Where’s the systemic scary place?  Or, better said, places?  Some are right in front of us; others lurk in the closet waiting to pounce.

What worries me the most in the immediate future is the ability of bad actors to exploit what could be lightly- or even unguarded portals into critical financial market infrastructure.  There are of course many, many bad actors out there with the sophistication and/or state sponsorship quickly to test and then attack critical points in the payment, settlement, and clearing systems and/or the grids on which they rely.

As I discussed on Tuesday, not all providers of critical financial market infrastructure are under the hopefully-eagle eyes of the federal banking agencies which, funded outside federal appropriations, will remain open.  Some fall under the SEC or CFTC, agencies that will be hobbled, and some critical providers are wholly outside the regulatory perimeter.  Even if their nodes of market access seem small, disruption has a bad habit of migrating at lightning speed.  Even if power outages are short, systemic damage could well be done.

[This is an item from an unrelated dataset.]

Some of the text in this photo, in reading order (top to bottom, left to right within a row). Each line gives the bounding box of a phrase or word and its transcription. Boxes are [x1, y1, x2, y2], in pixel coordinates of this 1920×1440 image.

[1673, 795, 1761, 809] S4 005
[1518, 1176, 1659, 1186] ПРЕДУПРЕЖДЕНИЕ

You’ll notice the absence of specific problem portals here and that’s for cause.  Although one likes to think that no one but the nicest people read one’s prose, that’s not always the case.  Why give anyone any ideas they don’t already have?  Here’s hoping – indeed expecting – that critical financial watchdogs have defined “essential” personnel staying on the job well and widely enough to fortify the barricades.

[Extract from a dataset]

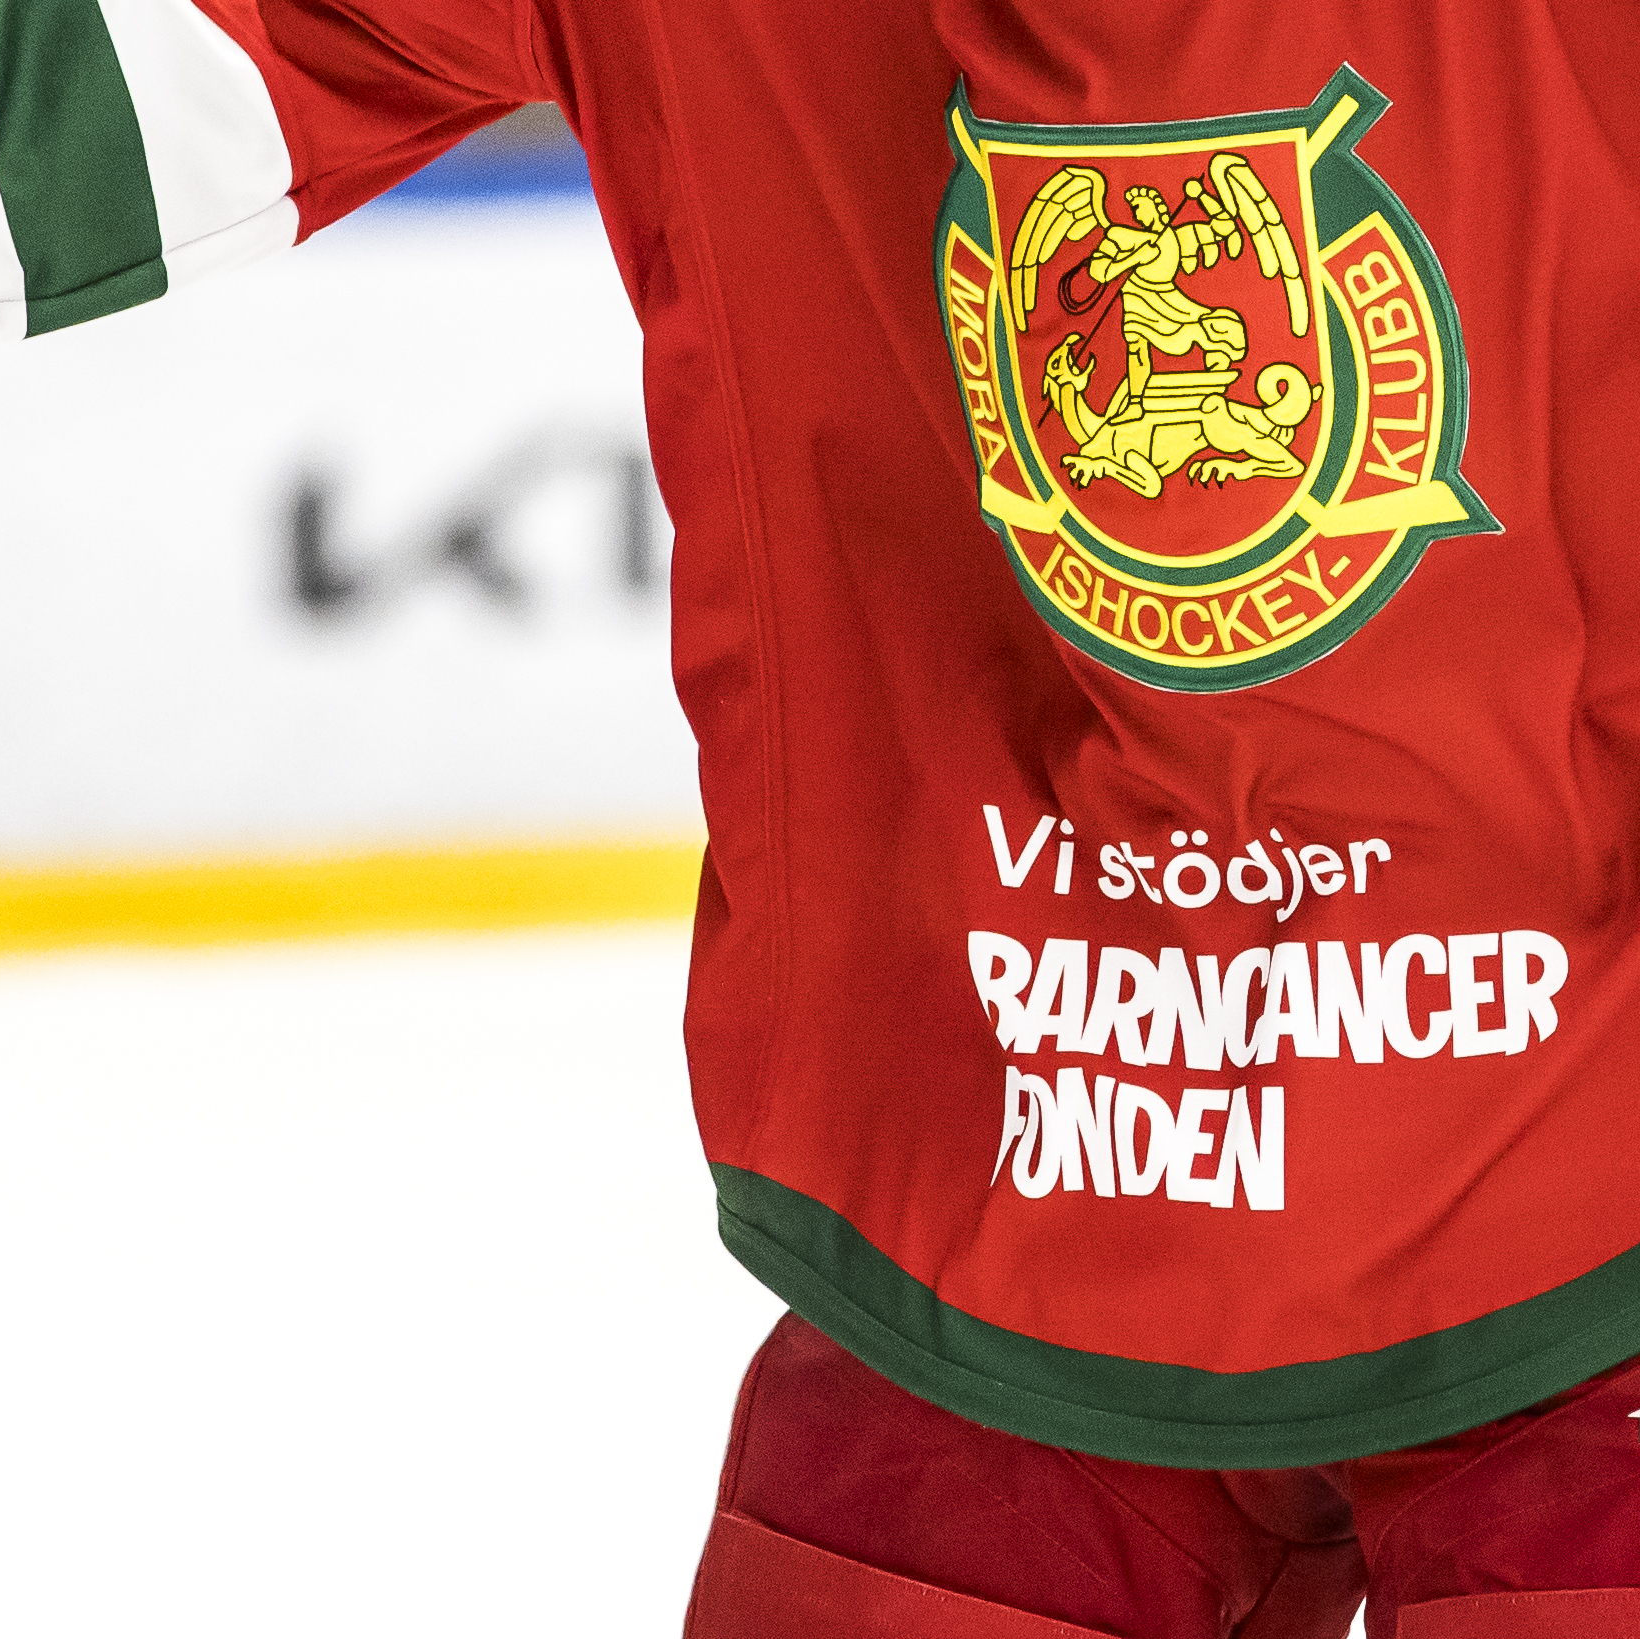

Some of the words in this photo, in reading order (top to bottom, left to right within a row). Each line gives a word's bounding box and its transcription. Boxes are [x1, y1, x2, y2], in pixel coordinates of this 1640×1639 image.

Another shut-down systemic risk is more structural, or at least I hope it is because then it could be slower and easier to stop.  The risk lies in Treasury-market fragility about which much has been said but almost nothing dispositively done beyond the Fed’s standby-repo facility and ongoing expectations that the central bank will somehow save us.

So it will, but it shouldn’t have to make moral hazard still more endemic thanks only to a Congress that can’t agree on the direction the sun rises each morning.  How many more crises can Congress cause before it all on its own threatens Treasury-market liquidity and the sanctity of the dollar on which it and so much else rely?

And, one more thing:  economic inequality will get still worse following even a short shutdown should we be so lucky and only have a short one.  Sixty percent of American households now live pay-check to pay-check.  In the 2018 shut-down, 62 percent of government workers struggled to pay rent, meet mortgage obligations, or make even minimum credit-card payments even though federal worker average wages then were $85,556.

Even a small slow-down due to the shut-down will affect all households with little to spare for the proverbial rainy day – consumer delinquencies are already beginning to climb.  Something bad, thanks to the shut-down will only make this worse.

The Members of Congress playing with a shut-down are like children playing with matches.  Something could easily go up in flames.  Let’s hope it’s just their own political futures, but that sadly remains to be seen.